Trauma-Focused Cognitive Behavioural Therapy
The two trauma-focused CBT approaches are based on the theory that negative emotions connected to the memories for the traumatic event and how the person thinks about the traumatic event lead to PTSD. The tow therapies take different approaches to reducing PTSD, but both work equally well.
Prolonged Exposure (PE). PE focuses on reducing the intense negative emotions that are caused by memories or being reminded of the trauma. The main negative emotions that got with remembering are fear and shame. The idea is that facing up to the memory in a planned way eventually wears down the negative emotions connected to the memory so that remembering or being reminded is not so upsetting.
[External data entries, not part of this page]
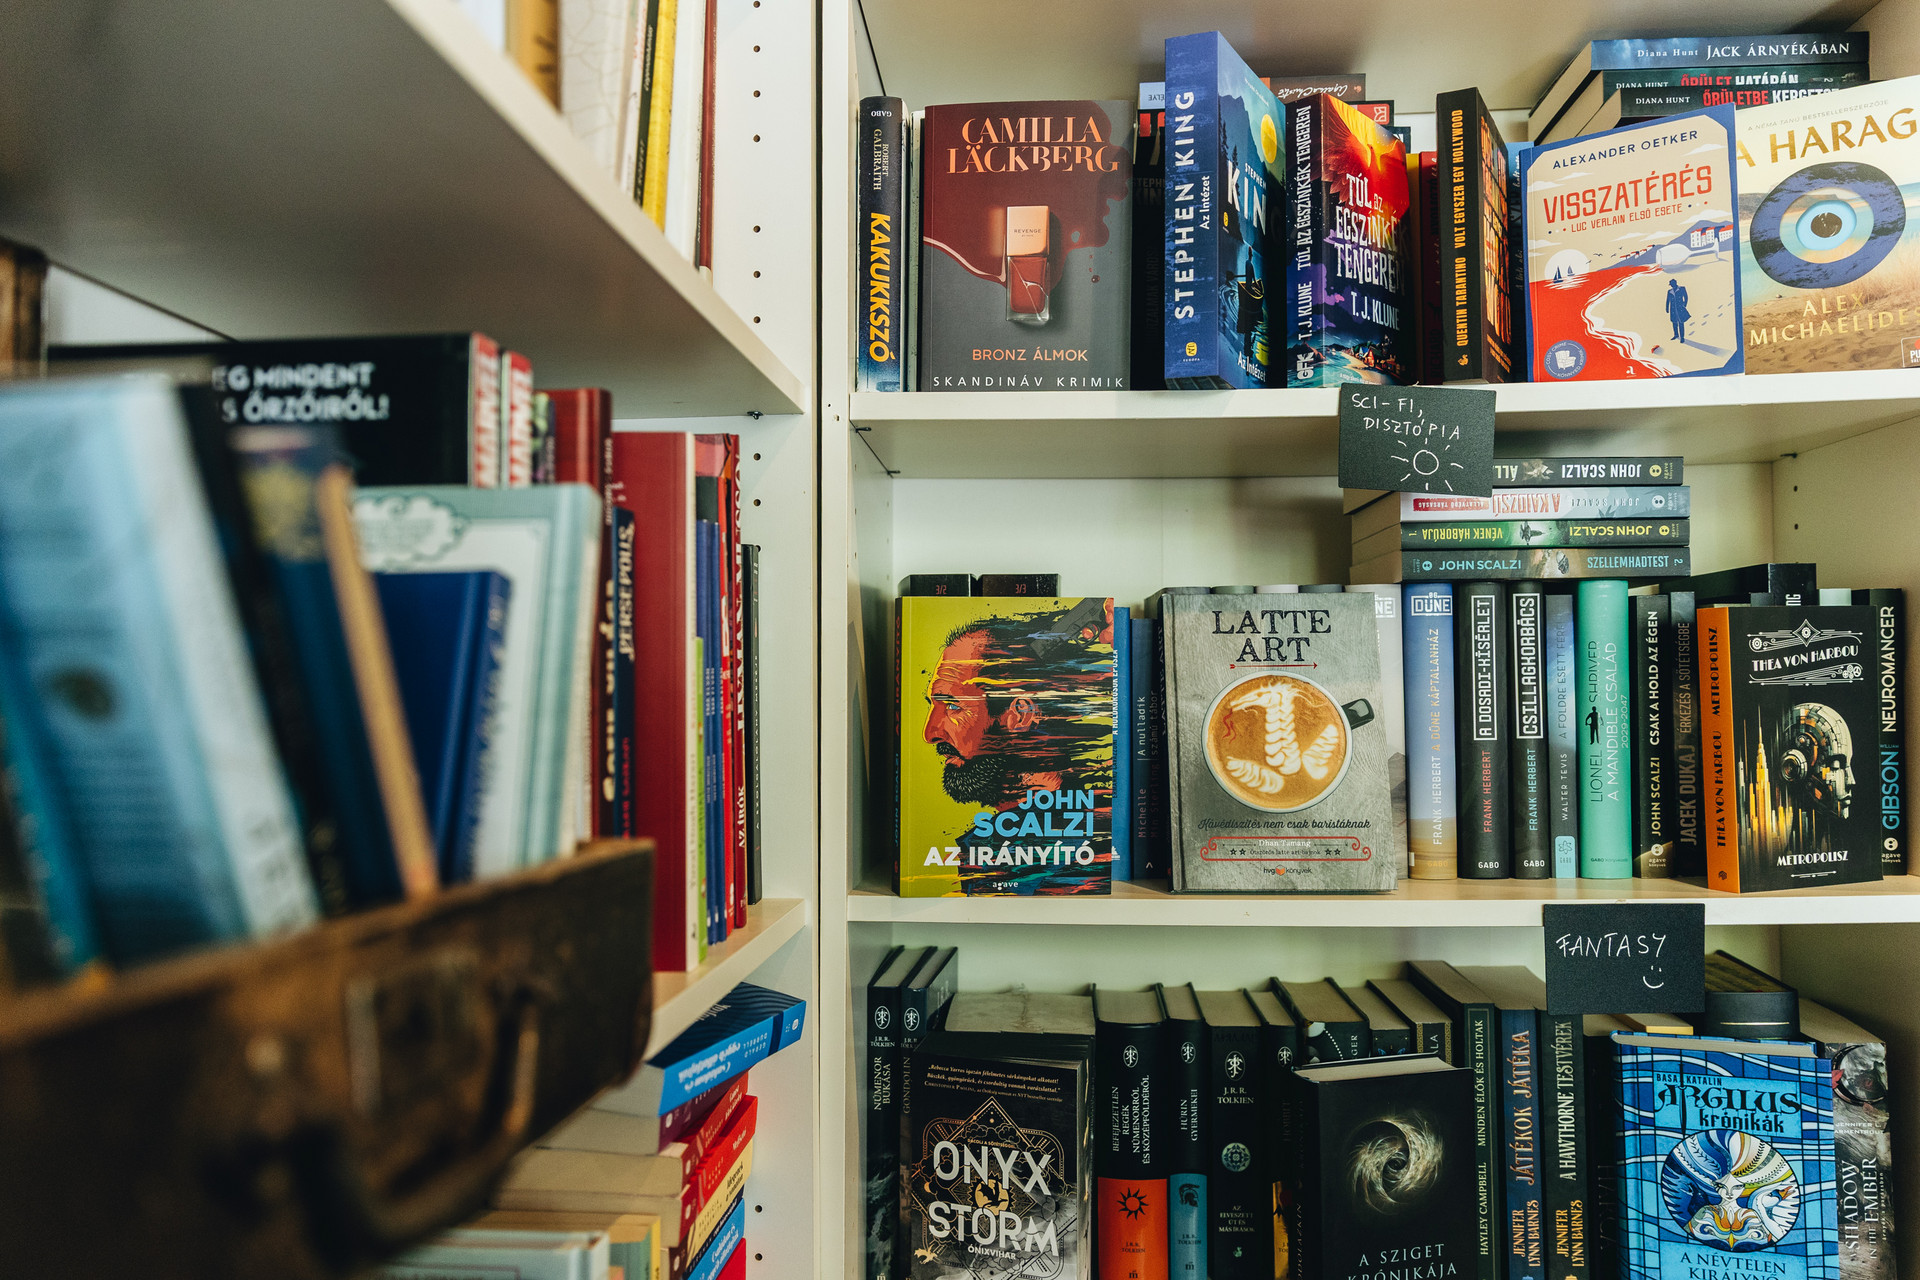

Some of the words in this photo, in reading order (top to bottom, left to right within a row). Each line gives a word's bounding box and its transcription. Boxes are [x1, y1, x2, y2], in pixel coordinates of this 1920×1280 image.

[1637, 50, 1668, 58] Diana
[1673, 48, 1699, 56] Hunt
[1706, 44, 1741, 61] JACK
[1747, 41, 1850, 57] ÁRNYÉKÁBAN
[1665, 96, 1690, 104] HUNT
[961, 116, 1103, 143] CAMILLA
[1174, 91, 1194, 167] KING
[1296, 105, 1312, 163] TENGEREN
[1451, 109, 1464, 163] HOLLYWOOD
[1769, 107, 1918, 164] HARAG
[873, 129, 882, 190] GALBRAITH
[947, 142, 1120, 173] LÄCKBERG
[1552, 142, 1636, 170] ALEXANDER
[1642, 129, 1698, 152] OETKER
[1346, 173, 1372, 208] TÚL
[1453, 165, 1464, 183] EGY
[1199, 175, 1210, 212] Intézet
[1294, 163, 1312, 229] ÉGSZÍNKÉK
[1453, 185, 1465, 224] EGYSZER
[1543, 163, 1713, 224] VISSZATÉRÉS
[1200, 213, 1210, 230] Az
[1571, 220, 1588, 233] LUC
[1590, 213, 1626, 230] VERLAIN
[1655, 202, 1683, 218] ESETE
[1174, 183, 1194, 319] STEPHEN
[1454, 225, 1466, 248] VOLT
[1296, 247, 1312, 270] TÚL
[870, 212, 895, 362] KAKUKKSZÓ
[1298, 281, 1312, 315] KLUNE
[1455, 257, 1467, 306] TARANTINO
[1372, 299, 1400, 331] KLUNE
[1803, 292, 1864, 317] ALEX
[1456, 308, 1468, 346] QUENTIN
[1750, 306, 1920, 346] MICHAELIDES
[972, 348, 1027, 361] BRONZ
[1034, 346, 1088, 362] ÁLMOK
[253, 362, 375, 388] MINDENT
[933, 375, 1044, 387] SKANDINÁV
[1057, 376, 1124, 388] KRIMIK
[1363, 417, 1460, 440] DISZTÓPIA
[1561, 464, 1606, 478] SCALZI
[1610, 464, 1641, 478] JOHN
[1493, 493, 1549, 517] KAIDZSÚ
[1422, 528, 1471, 542] HÁBORÚJA
[1473, 528, 1503, 542] VÉNEK
[1569, 526, 1614, 536] SCALZI
[1616, 525, 1652, 535] JOHN
[1439, 560, 1475, 571] JOHN
[1477, 559, 1521, 570] SCALZI
[1587, 556, 1669, 569] SZELLEMHADTEST
[1212, 609, 1332, 634] LATTE
[1646, 611, 1658, 643] ÉGEN
[1236, 636, 1311, 662] ART
[1475, 600, 1491, 722] DOSADI-KÍSÉRLET
[1518, 598, 1538, 734] CSILLAGKORBÁCS
[1649, 647, 1658, 662] AZ
[1676, 622, 1690, 680] SÖTÉTSÉGBE
[1752, 658, 1782, 672] THEA
[1784, 653, 1809, 668] VON
[1811, 645, 1859, 663] HARBOU
[1427, 628, 1439, 707] KÁPTALANHÁZ
[1603, 642, 1617, 702] CSALÁD
[1649, 665, 1659, 699] HOLD
[1708, 627, 1720, 716] METROPOLISZ
[1880, 606, 1897, 732] NEUROMANCER
[1137, 696, 1146, 746] nulladik
[1650, 713, 1660, 745] CSAK
[1677, 692, 1692, 733] ÉRKEZÉS
[1606, 707, 1618, 785] MANDIBLE
[1713, 731, 1723, 784] HARBOU
[1432, 756, 1441, 804] HERBERT
[1481, 750, 1491, 794] HERBERT
[1527, 748, 1537, 793] HERBERT
[1560, 753, 1568, 779] TEVIS
[1590, 750, 1602, 802] LIONEL
[1651, 757, 1660, 798] SCALZI
[1679, 745, 1696, 795] DUKAJ
[1018, 789, 1095, 810] JOHN
[1561, 784, 1569, 821] WALTER
[1608, 791, 1618, 801] A
[1716, 787, 1724, 814] VON
[1881, 751, 1900, 830] GIBSON
[973, 812, 1095, 837] SCALZI
[1264, 821, 1285, 829] nem
[1286, 818, 1309, 829] csak
[1311, 818, 1371, 829] baristáknak
[1433, 809, 1442, 845] FRANK
[1483, 799, 1493, 833] FRANK
[1529, 797, 1538, 831] FRANK
[1651, 802, 1661, 836] JOHN
[1680, 800, 1696, 845] JACEK
[1717, 818, 1726, 848] THEA
[924, 846, 961, 866] AZ
[970, 840, 1095, 866] IRÁNYÍTÓ
[1478, 861, 1499, 869] GABO
[1777, 851, 1848, 866] METROPOLISZ
[992, 881, 1019, 890] agave
[1263, 867, 1276, 876] hvg
[1556, 933, 1666, 958] FANTASY
[1475, 1020, 1484, 1059] HOLTAK
[1551, 1021, 1574, 1090] TESTVÉREK
[1506, 1030, 1533, 1099] JÁTÉKA
[1656, 1073, 1678, 1082] BASA
[1686, 1076, 1722, 1086] KATALIN
[873, 1056, 882, 1111] NÚMENOR
[882, 1063, 891, 1104] BUKÁSA
[902, 1057, 911, 1114] GONDOLIN
[1217, 1096, 1254, 1104] TOLKIEN
[1475, 1077, 1485, 1102] ÉLŐK
[1112, 1086, 1121, 1152] BEFEJEZETLEN
[1122, 1105, 1130, 1135] REGÉK
[1132, 1087, 1141, 1153] NÚMENORRÓL
[1140, 1075, 1150, 1150] KÖZÉPFÖLDÉRŐL
[1180, 1099, 1188, 1130] HÚRIN
[1190, 1088, 1198, 1142] GYERMEKEI
[1477, 1106, 1486, 1147] MINDEN
[1700, 1108, 1784, 1133] krónikák
[1508, 1106, 1534, 1186] JÁTÉKOK
[1557, 1092, 1576, 1169] HAWTHORNE
[933, 1140, 1051, 1196] ONYX
[1478, 1162, 1488, 1215] CAMPBELL
[1842, 1160, 1860, 1251] SHADOW
[1862, 1156, 1880, 1223] EMBER
[928, 1201, 1059, 1257] STORM
[1480, 1217, 1489, 1255] HAYLEY
[1512, 1209, 1526, 1257] JENNIFER
[1526, 1200, 1540, 1239] BARNES
[1556, 1209, 1569, 1257] JENNIFER
[1570, 1200, 1584, 1240] BARNES
[967, 1244, 1016, 1260] ÓNIXVIHAR
[1359, 1254, 1369, 1267] A
[1380, 1243, 1445, 1265] SZIGET
[1528, 1242, 1541, 1267] LYNN
[1572, 1241, 1585, 1267] LYNN
[1681, 1252, 1695, 1264] A
[1697, 1252, 1786, 1275] NÉVTELEN
When the memory or reminders are not so upsetting, the person does not have to avoid them and can have a more normal life. W
Cognitive Processing Therapy (CPT). CPT focuses mainly on unrealistic and unhelpful thoughts a person has about the trauma. These thoughts can cause memories or reminders of the trauma to be very upsetting because thoughts can lead to intense negative feelings such as fear or shame. The idea is to identify and change the thoughts in a planned way. When the person thinks in a more realistic and helpful way, remembering or being reminded is not so upsetting and the person can return to a normal life.
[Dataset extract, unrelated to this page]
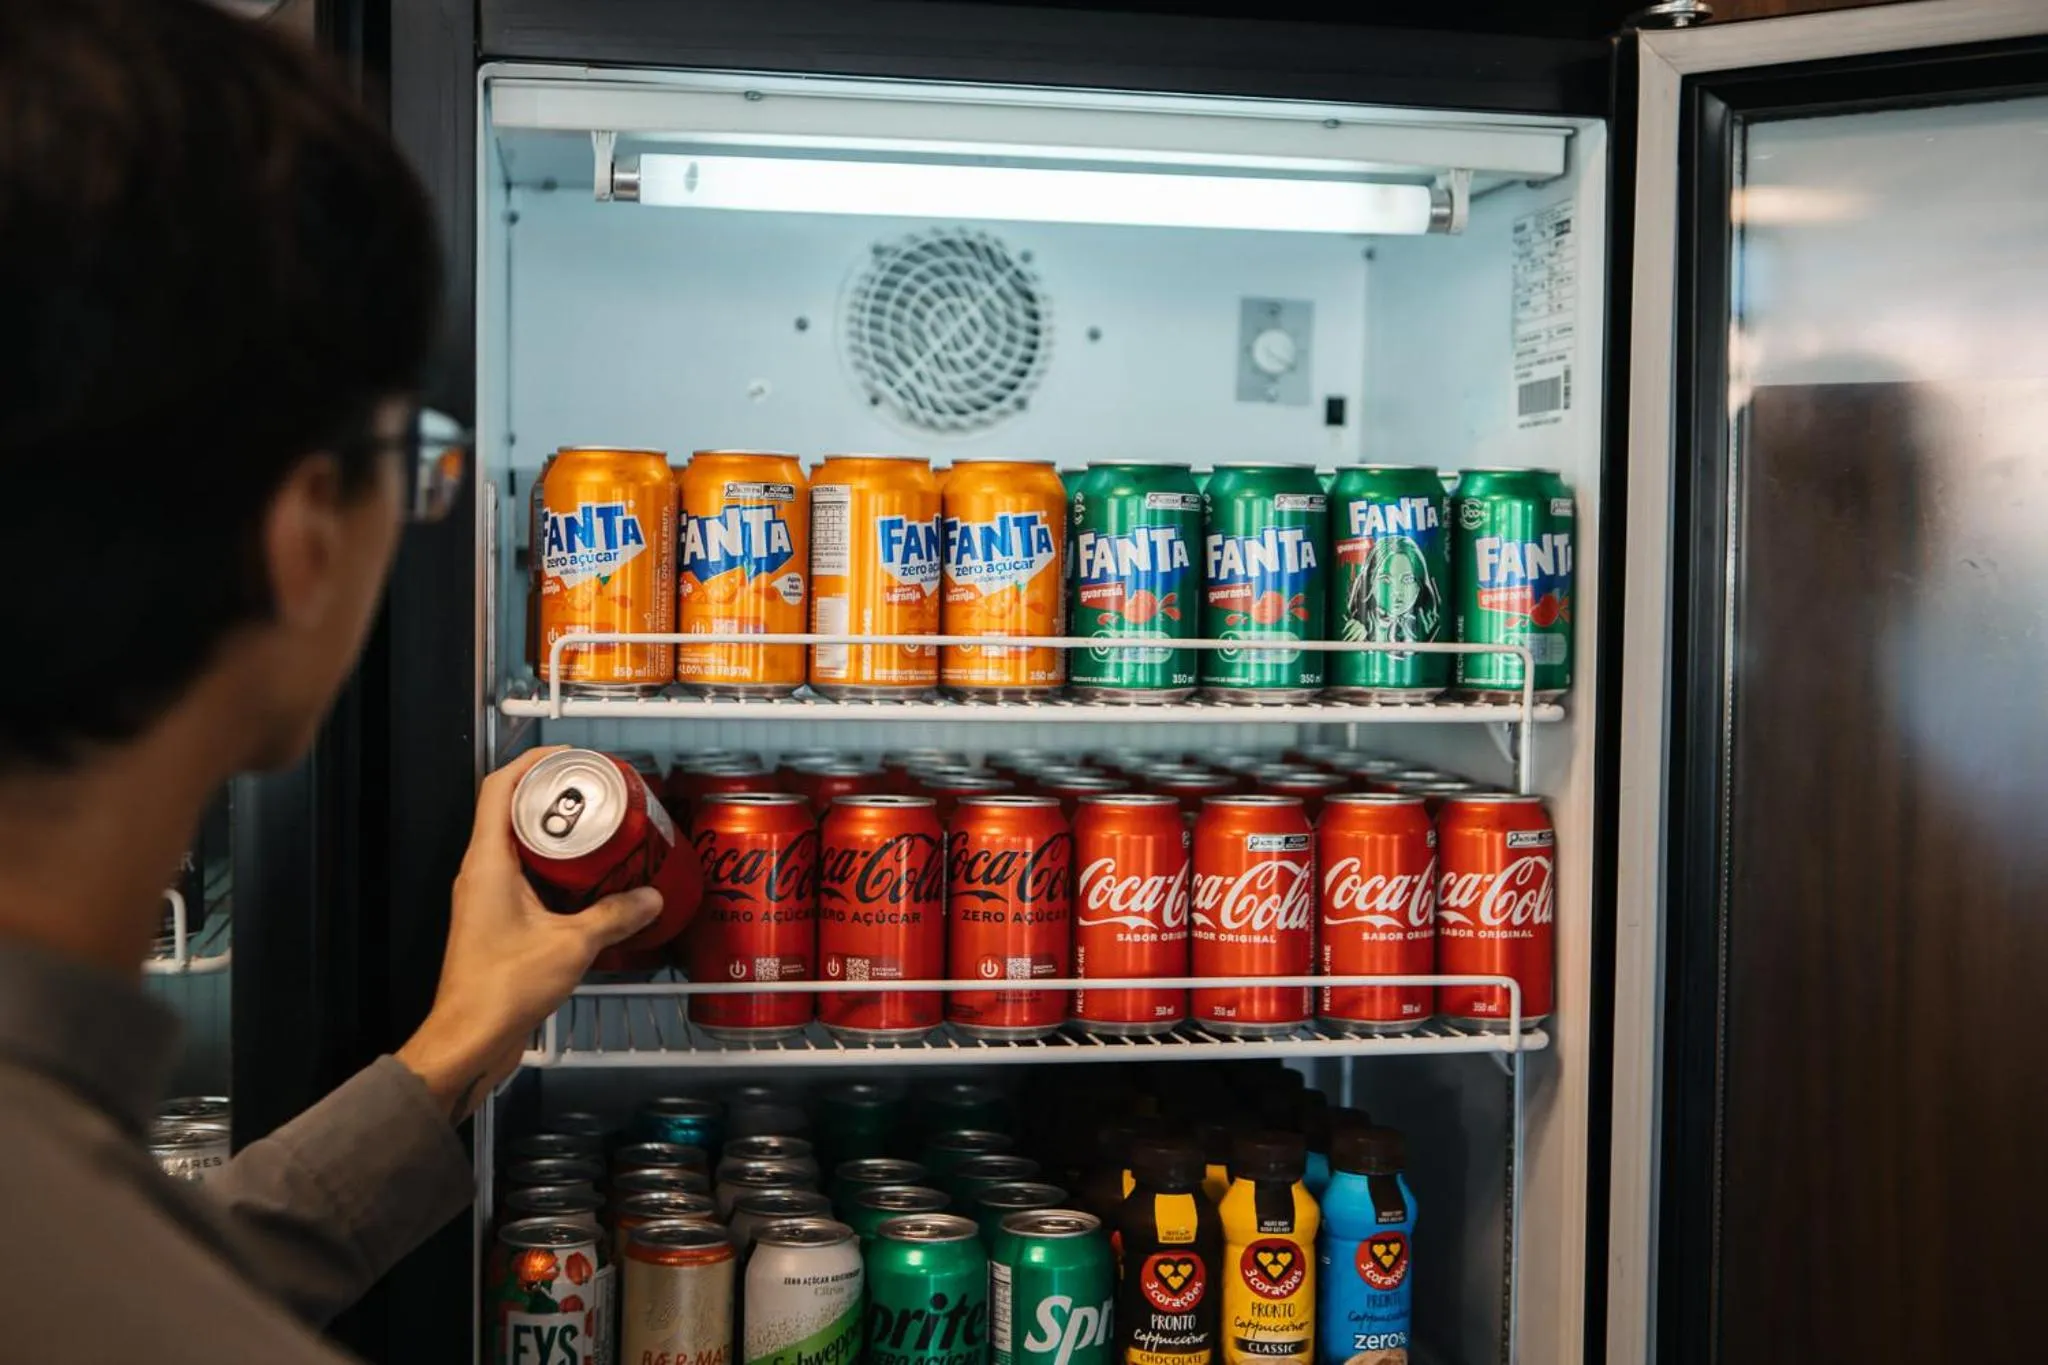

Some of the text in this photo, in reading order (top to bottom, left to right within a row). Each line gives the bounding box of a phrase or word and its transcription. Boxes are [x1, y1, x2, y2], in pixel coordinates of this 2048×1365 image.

Trauma-focused CBT often gets results in a few months. Sometimes the person does not even need a whole course of therapy to be better. Other times, especially for more severe or long lasting traumas or where there is a past history of trauma, it can take longer.
The key is that therapy works because the person is actively trying to change in between therapy sessions. The two main elements of effective trauma-focused therapy are practicing facing up to fears or practicing substituting in new and more helpful thoughts. It is hard work, but it is really worth it. The therapist is there to help you succeed.